Segment Start: Source material

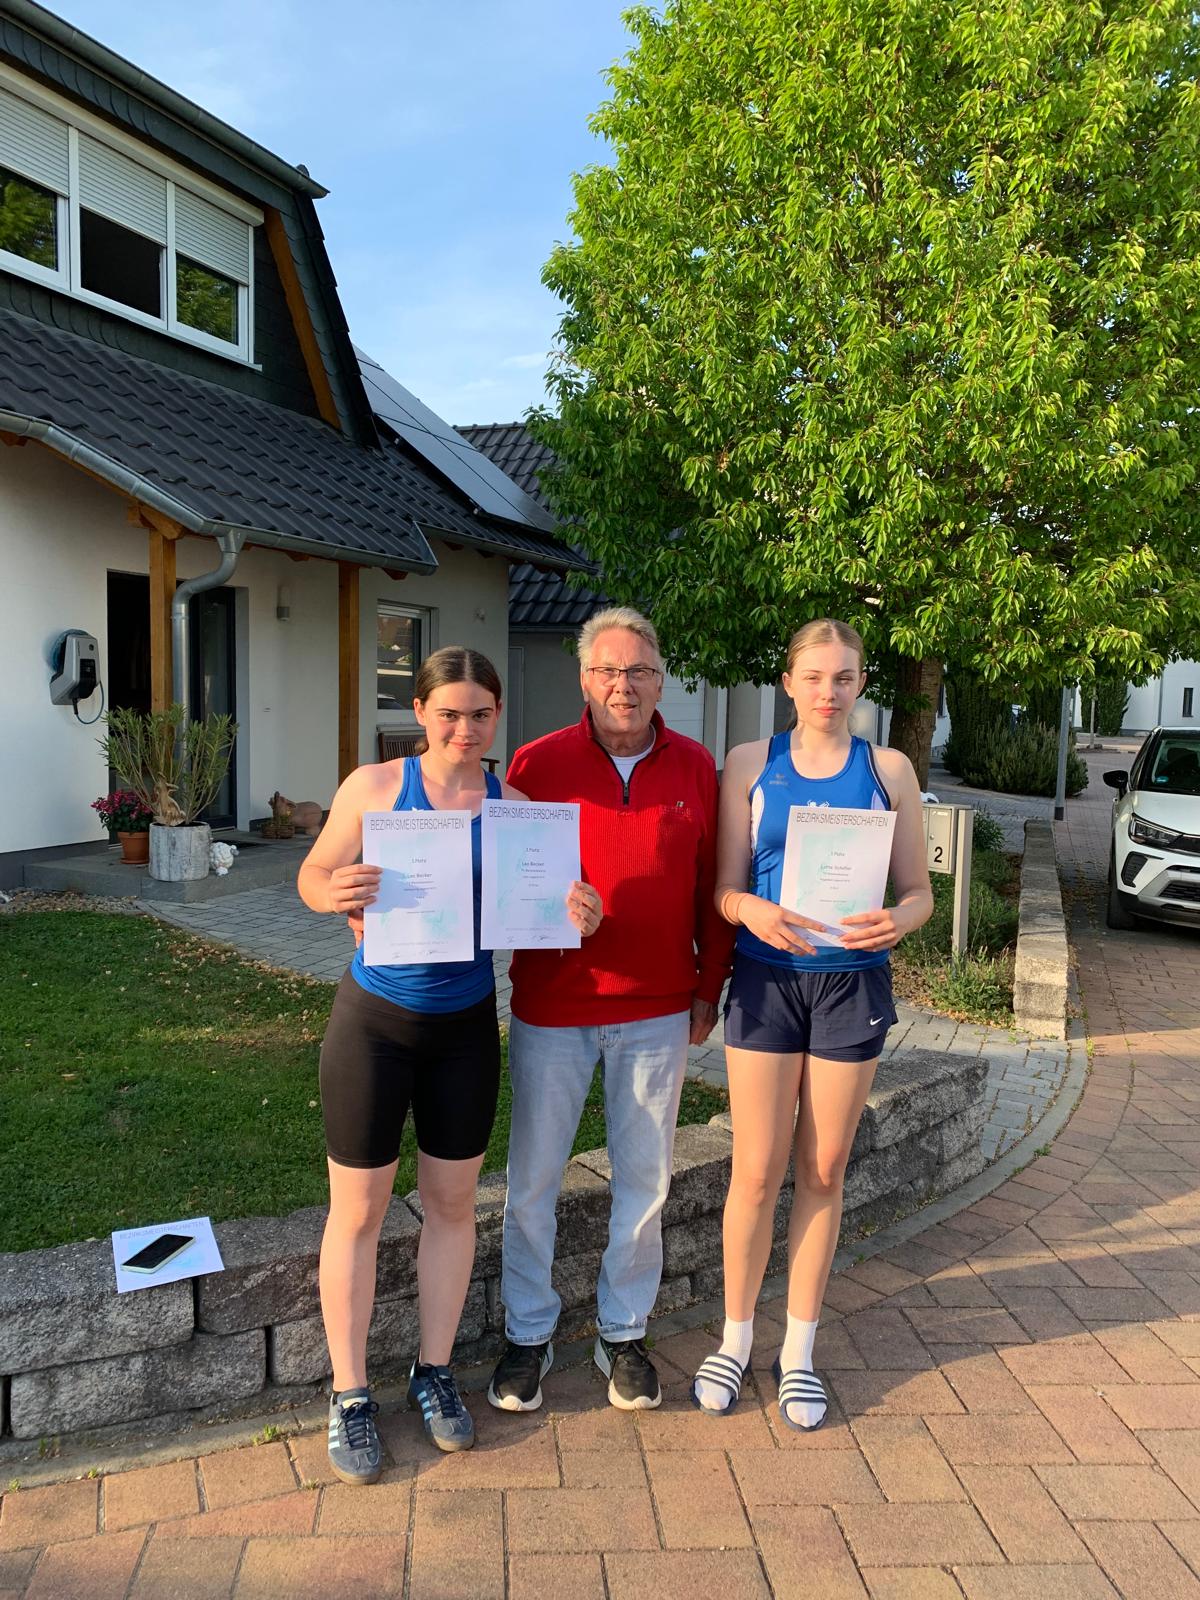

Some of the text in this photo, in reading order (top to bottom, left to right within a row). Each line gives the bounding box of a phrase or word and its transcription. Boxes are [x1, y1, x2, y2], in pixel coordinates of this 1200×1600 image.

[489, 806, 574, 820] BEZIRKSMEISTERSCHAFTEN
[796, 812, 888, 827] BEZIRKSMEISTERSCHAFTEN
[370, 817, 464, 831] BEZIRKSMEISTERSCHAFTEN
[933, 846, 943, 864] 2

Segment End: Source material

The task ▸
Each record above should come back exactly the same, only without its pictures.

Answer for this exercise ▸
Some of the text in this photo, in reading order (top to bottom, left to right within a row). Each line gives the bounding box of a phrase or word and its transcription. Boxes are [x1, y1, x2, y2], in pixel coordinates of this 1200×1600 image.

[489, 806, 574, 820] BEZIRKSMEISTERSCHAFTEN
[796, 812, 888, 827] BEZIRKSMEISTERSCHAFTEN
[370, 817, 464, 831] BEZIRKSMEISTERSCHAFTEN
[933, 846, 943, 864] 2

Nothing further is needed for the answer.